AccuBoost® for Breast Cancer
- The breast is imaged using mammography equipment to identify the lumpectomy site in need of the boost dose. The power of the AccuBoost treatment is that the imaging equipment and radiation delivery system are combined in one platform, giving physicians the ability to accurately target the site and eliminate any guess-work.
- The AccuBoost applicators are positioned on the opposing sides of the breast to deliver a focused radiation field to the lumpectomy site.
- In the next step, the x-ray system is reoriented to target the radiation to the lumpectomy site from a different direction.
- A higher dose is accumulated in the target tissue while sparing the dose to normal skin and tissues.
Treating the Breast while Sparing the Heart
AccuBoost directs the radiation parallel to the chest wall, reducing the exposure to the organs below the chest wall when compared to traditional treatment. This is especially important when undergoing treatment of the left breast where radiation below the chest wall can reach the heart as well as the lungs.
Respiratory Gating is used when there is a concern that the tumor may move during treatment due to normal patient breathing patterns. This system allows the radiation beam to be “gated” or turned on and off in response to tumor motion. No other radiation therapy department in Lincoln has respiratory gating.

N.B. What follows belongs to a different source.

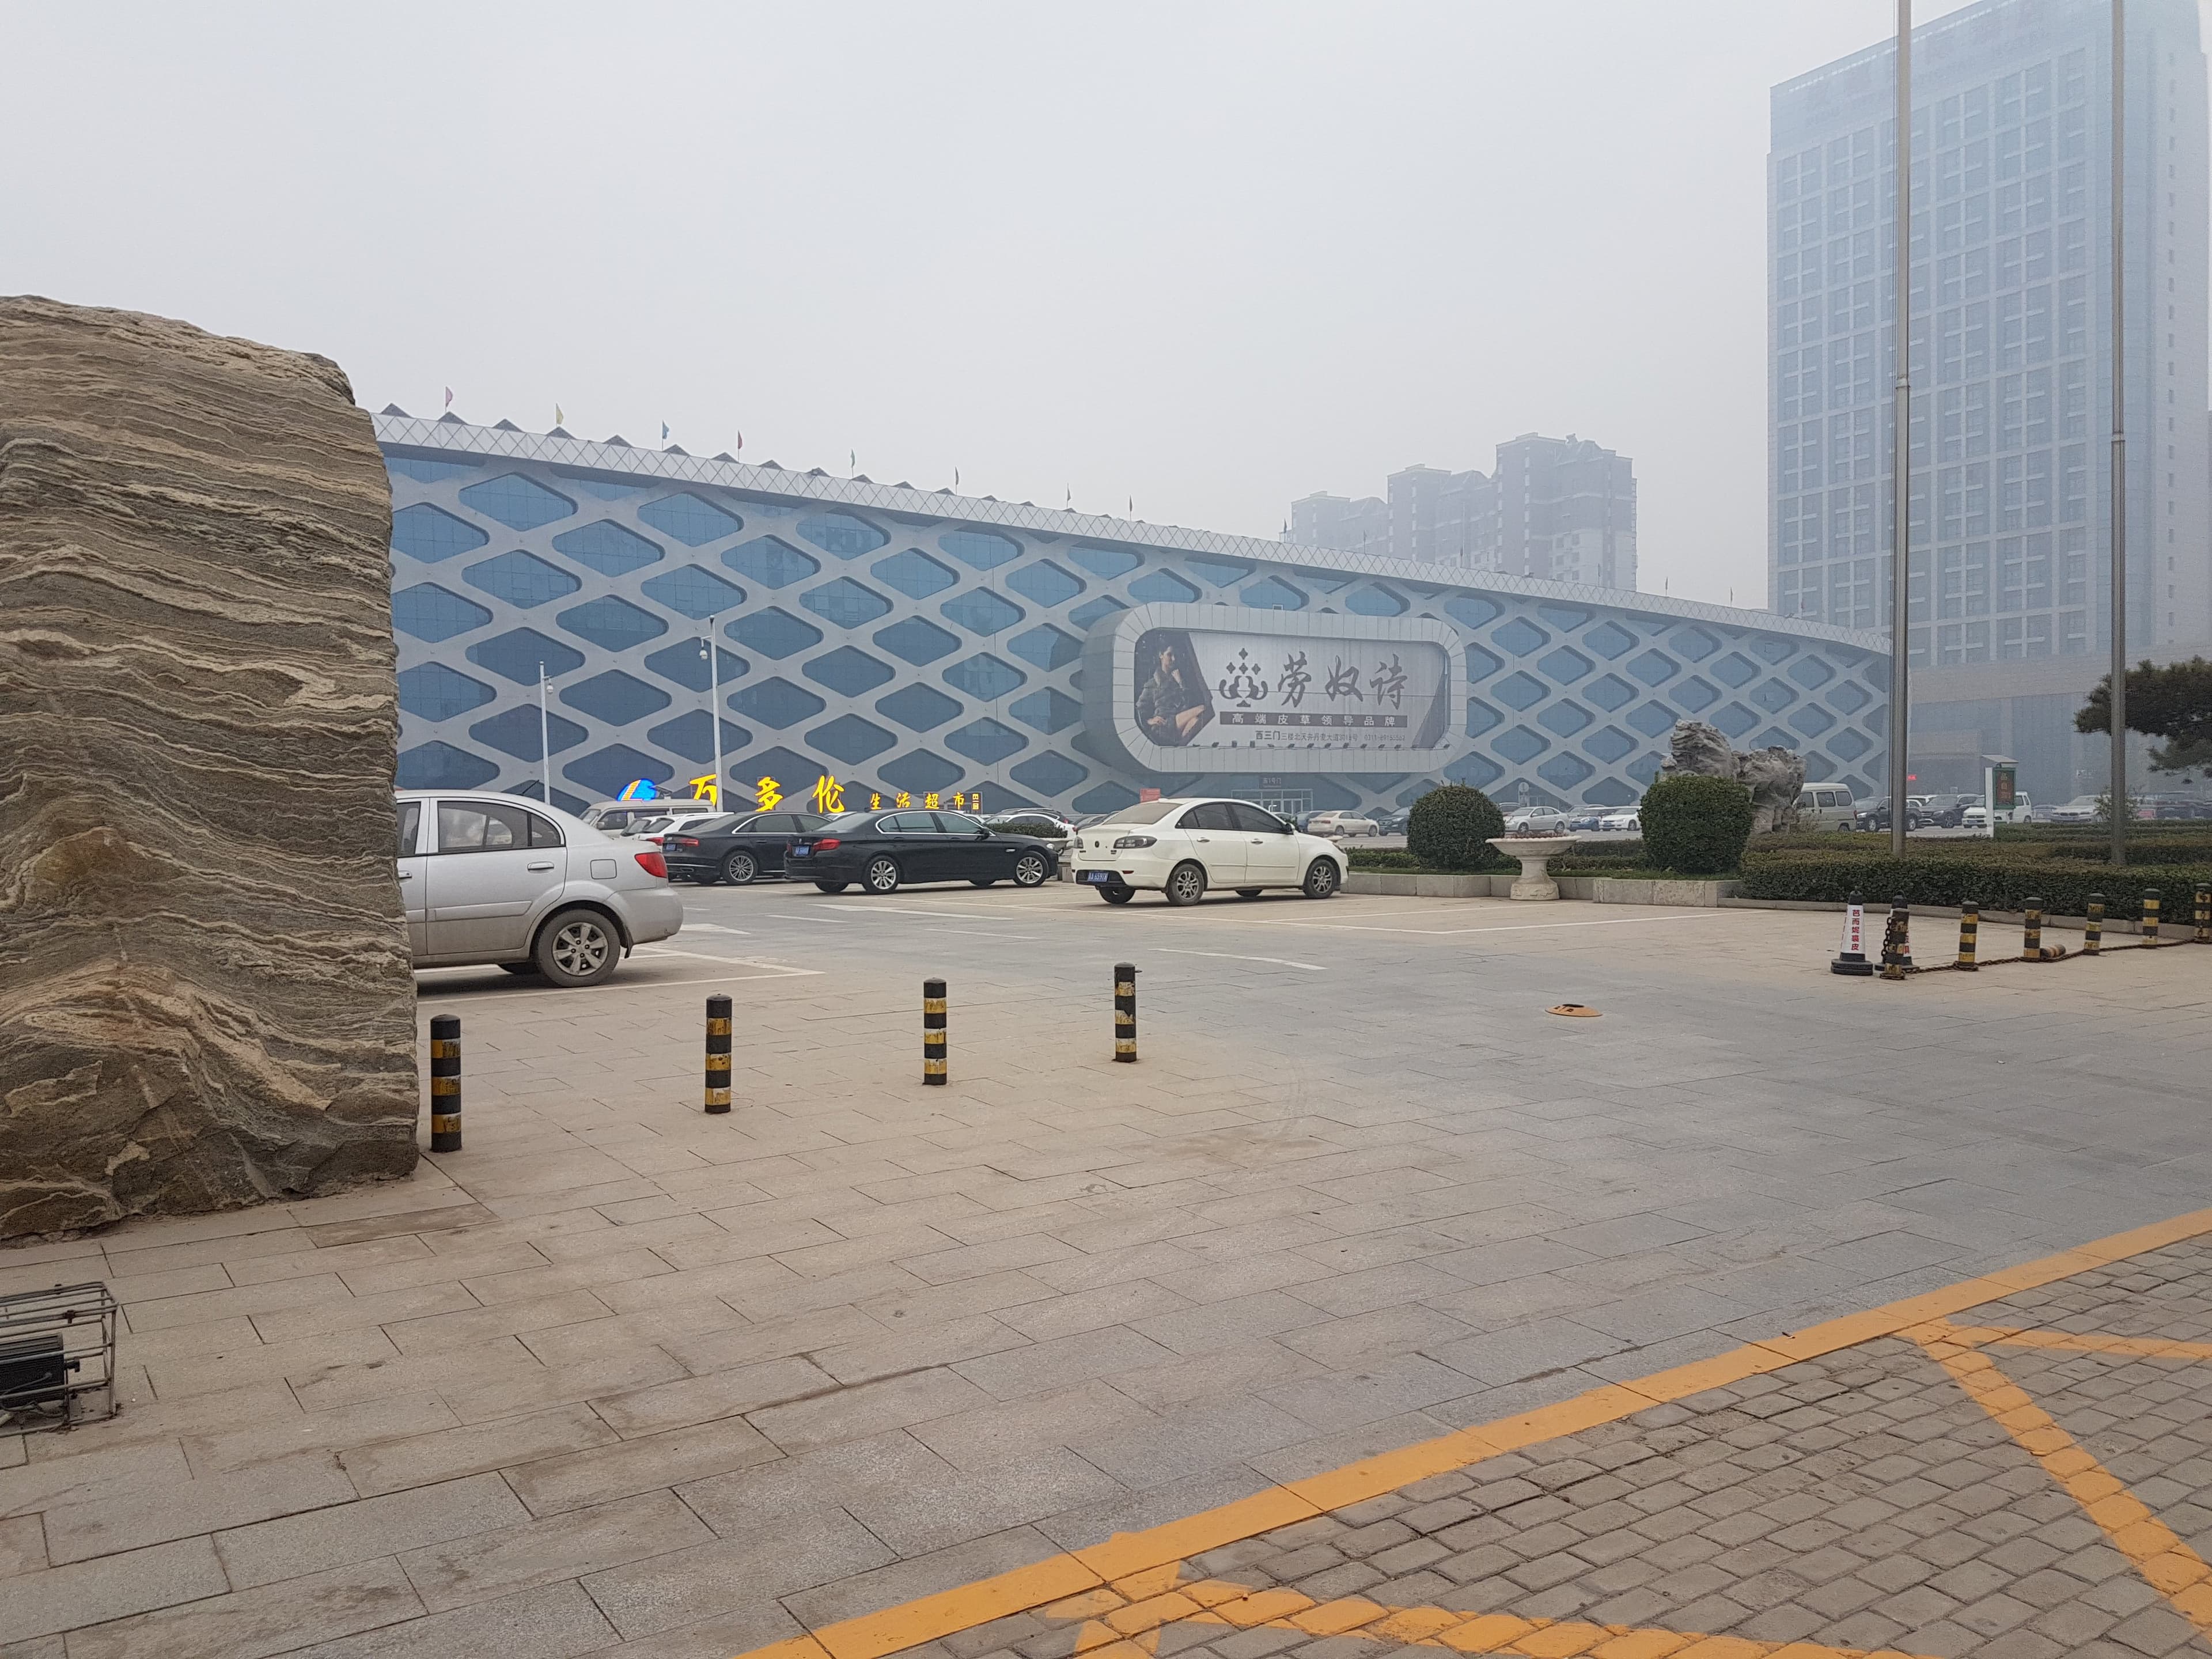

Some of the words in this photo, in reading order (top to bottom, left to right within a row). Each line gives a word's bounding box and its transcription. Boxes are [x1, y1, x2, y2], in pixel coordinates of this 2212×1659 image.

[1232, 713, 1396, 726] 高端皮草领导品牌
[870, 791, 964, 810] 生活超市

High Dose Rate (HDR) Brachytherapy is used quite frequently in our department. A small sealed radioactive source (Iridium-192) is placed in very close proximity or inside the area requiring radiation treatment. The radiation from the iridium-192 is very localized to the area around the source while healthy tissue farther from the source receives a much reduced dose. The advantage of brachytherapy is that the tumor can be treated with very high doses of localized radiation while reducing the probability of unnecessary damage to nearby healthy tissue. This treatment is very effective for benign or malignant skin cancers. It is also used for lung and gynecological treatments. A big part of our HDR program is the use of the Accuboost system used for image guided breast irradiation. Women with early stage breast cancer often choose to have a lumpectomy. To minimize the chance of cancer recurrence, doctors usually recommend a course of radiotherapy. The course of radiotherapy may include the use of Accuboost which is an IGRT system designed to easily locate the site of the surgical tumor bed and reduce the radiation dose to the heart and lungs.

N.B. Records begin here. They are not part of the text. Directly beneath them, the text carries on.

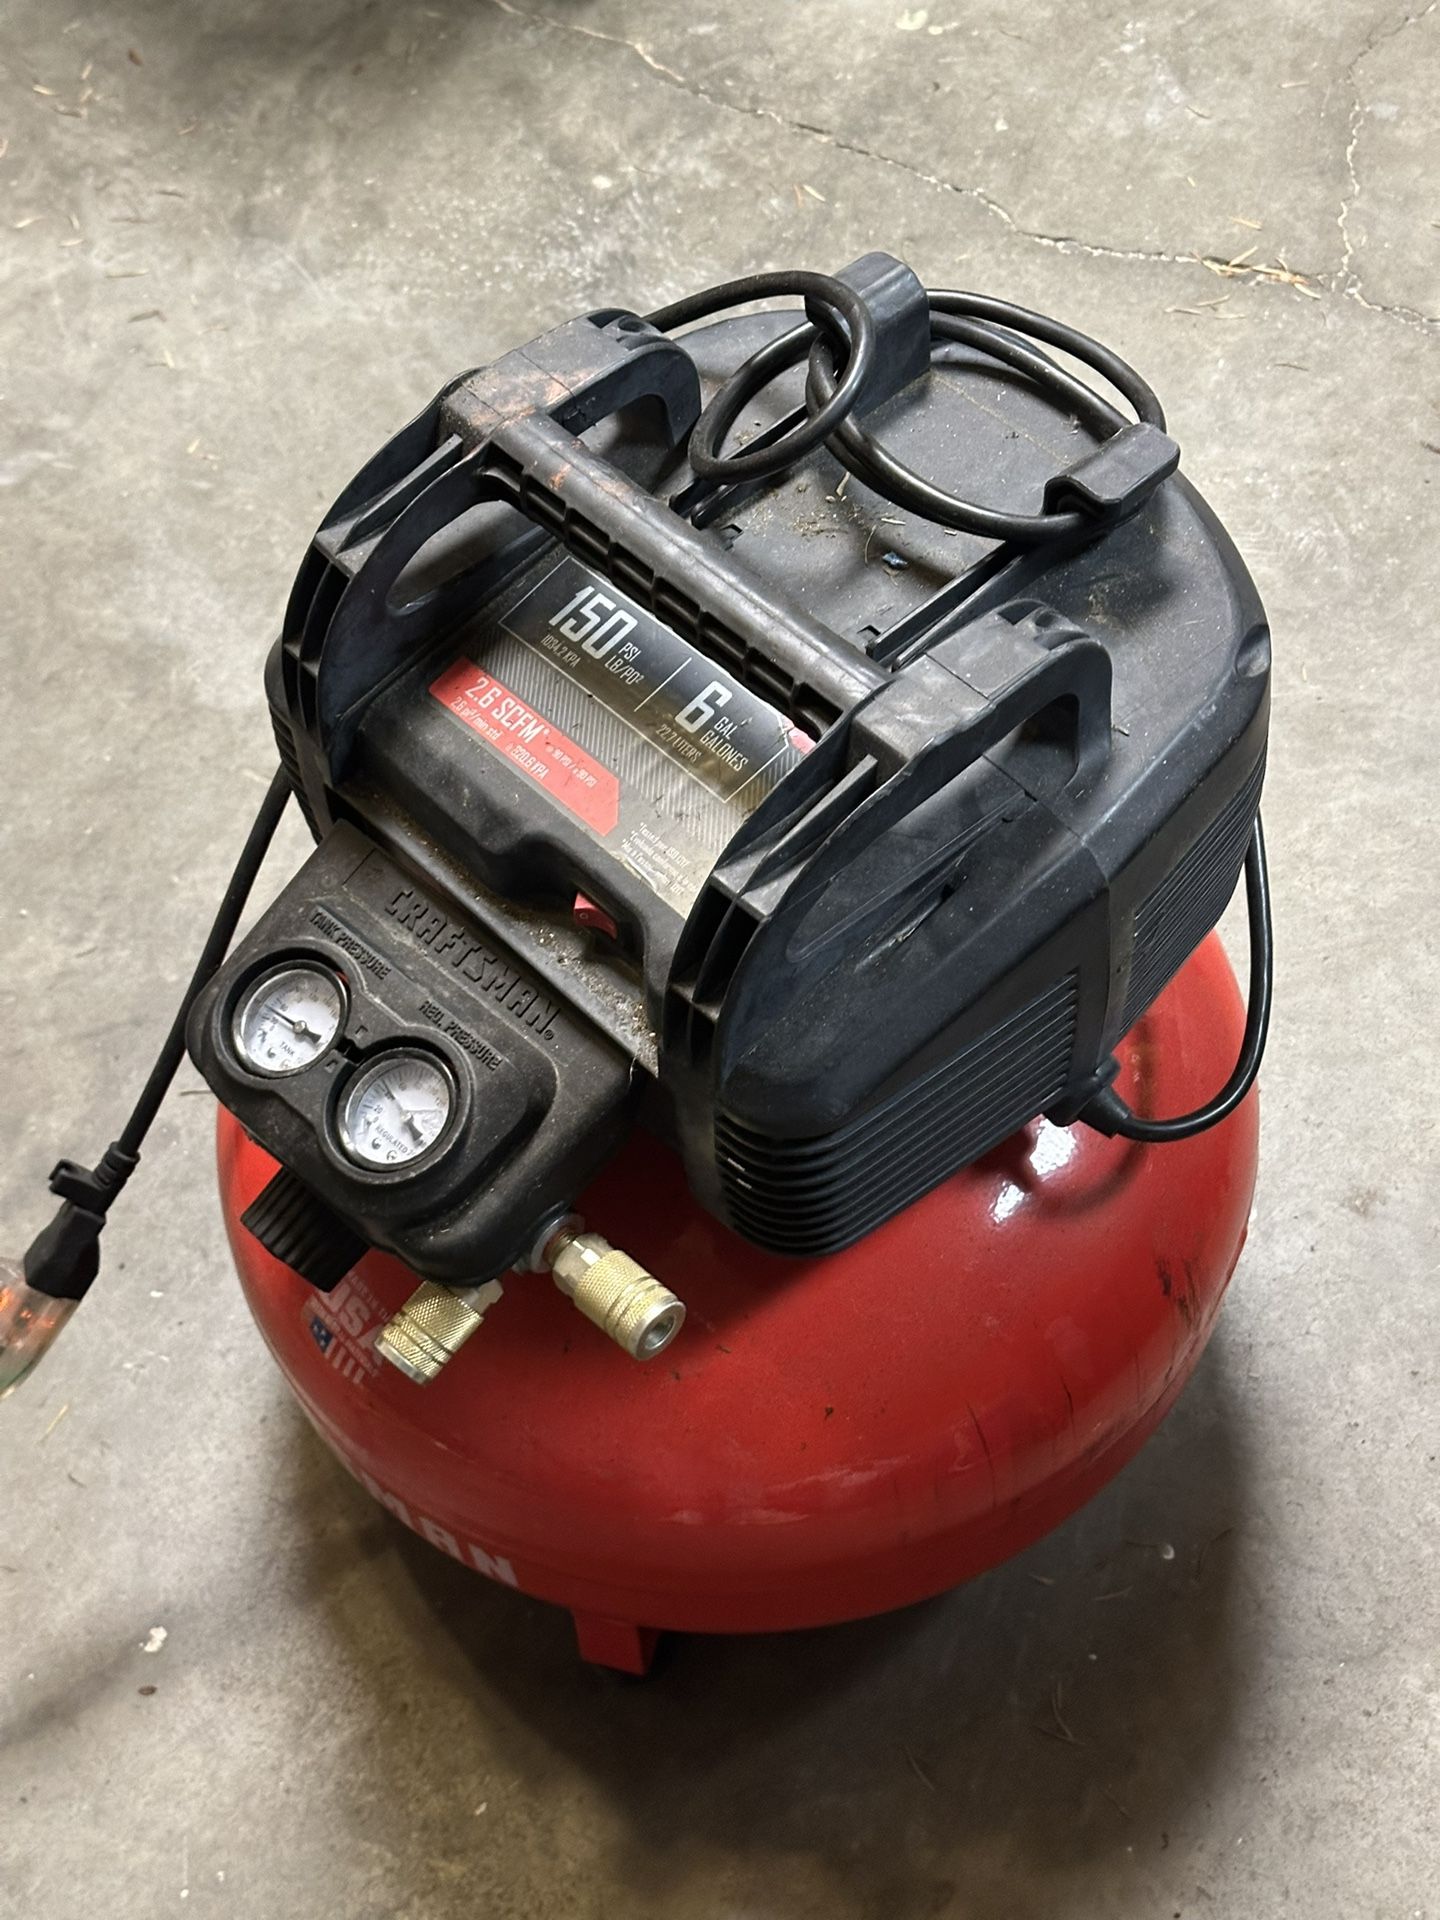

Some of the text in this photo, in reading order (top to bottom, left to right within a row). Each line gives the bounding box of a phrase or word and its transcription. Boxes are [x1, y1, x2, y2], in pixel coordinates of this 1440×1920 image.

[548, 585, 638, 659] 150
[562, 651, 581, 668] KPA
[618, 642, 642, 662] PSI
[465, 677, 502, 709] 2.6
[675, 681, 733, 733] 6
[451, 697, 467, 712] 2.6
[486, 722, 504, 740] std
[714, 716, 738, 740] GAL
[672, 737, 702, 763] LITERS
[700, 730, 749, 772] GALONES
[309, 911, 392, 980] TANK PRESSURE
[280, 1041, 295, 1056] TANK
[445, 1018, 503, 1071] PRESSURE
[375, 1126, 408, 1153] REGULATED

Selective Internal Radiation Therapy
Selective Internal Radiation Therapy is used by Interventional Radiologists at CHI Saint Elizabeth for the treatment of tumors in the liver. When it is not possible to surgically remove these tumors, radioactive microspheres are infused via a small catheter into the portal vein to deliver yttrium-90 directly into the liver tumors. Clinical trials have demonstrated safety and efficacy of Y-90 treatment of both primary and metastatic liver malignancies.
Our department uses radiation therapy for several applications in non-malignant conditions, such as the treatment of trigeminal neuralgia, acoustic neuromas, severe thyroid eye disease, prevention of keloid scar growth, and heterotopic ossification.